Ýanardag is depicted on the coat of arms of Turkmenistan

Ýanardag (Ýanardag/Янардаг "Fiery Mountain", born 1991) is an Akhal-Teke stallion owned by the former President of Turkmenistan, Saparmyrat Nyýazow. The stallion is depicted on the coat of arms of Turkmenistan, on a 2001 miniature sheet Turkmenistan postage stamp, and in other Turkmen national representations, and he is also often featured in newspaper and magazine articles.

== Biography and representations ==
Ýanardag is an Akhal-Teke horse bred by Geldi Kärizow, and foaled in Turkmenistan in 1991, the year of Turkmenistan's independence from the Soviet Union. Ýanardag was named world champion of the breed in 1999 in Moscow, and was subsequently acquired by Saparmyrat Nyýazow, who was President of Turkmenistan 1990–2006.

He is described on the official Turkmenistan webpage on Akhalteke horses as having a "unique golden-dun colour, characteristic for all Akhalteke horses". According to the Akhal-Teke Association of America, "golden dun", called Bulanaya, is the color buckskin, produced by the cream gene, sometimes overlaid with sooty shading. While bulanaya is the Russian word for the color called buckskin in the USA, bulanaya is sometimes translated "dun" when using an outdated British English term for diluted colors.
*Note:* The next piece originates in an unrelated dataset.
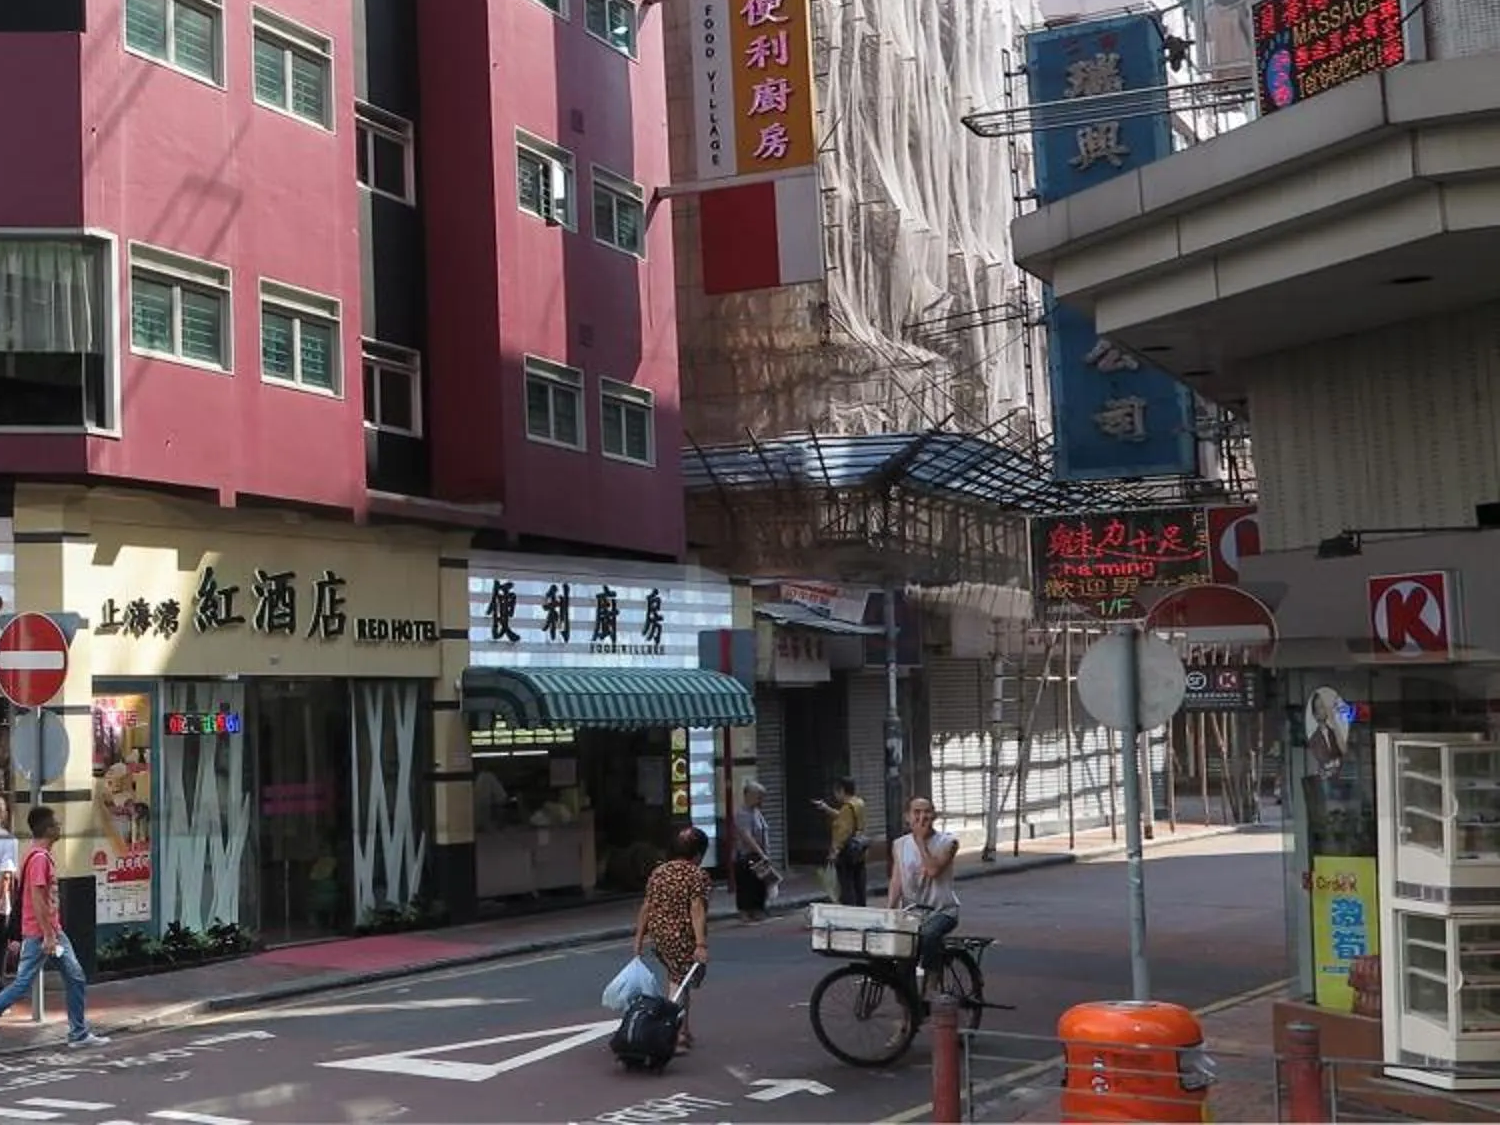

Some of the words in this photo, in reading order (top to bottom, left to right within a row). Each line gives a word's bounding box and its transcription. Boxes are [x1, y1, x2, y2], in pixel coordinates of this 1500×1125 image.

There are no Akhal-Tekes registered as savrasaya (the Russian word for the dun color) in the Russian stud books.

A lifelike image of Ýanardag, in a sphere of blue, has been the central figure of the coat of arms of Turkmenistan since 2003. His image is also on a 2001 Turkmenistan postage stamp, and on the reverse of the 2005 50-manat note.
In 2014 a monument to Ýanardag was completed and unveiled in Turkmenistan's capital city of Ashgabat.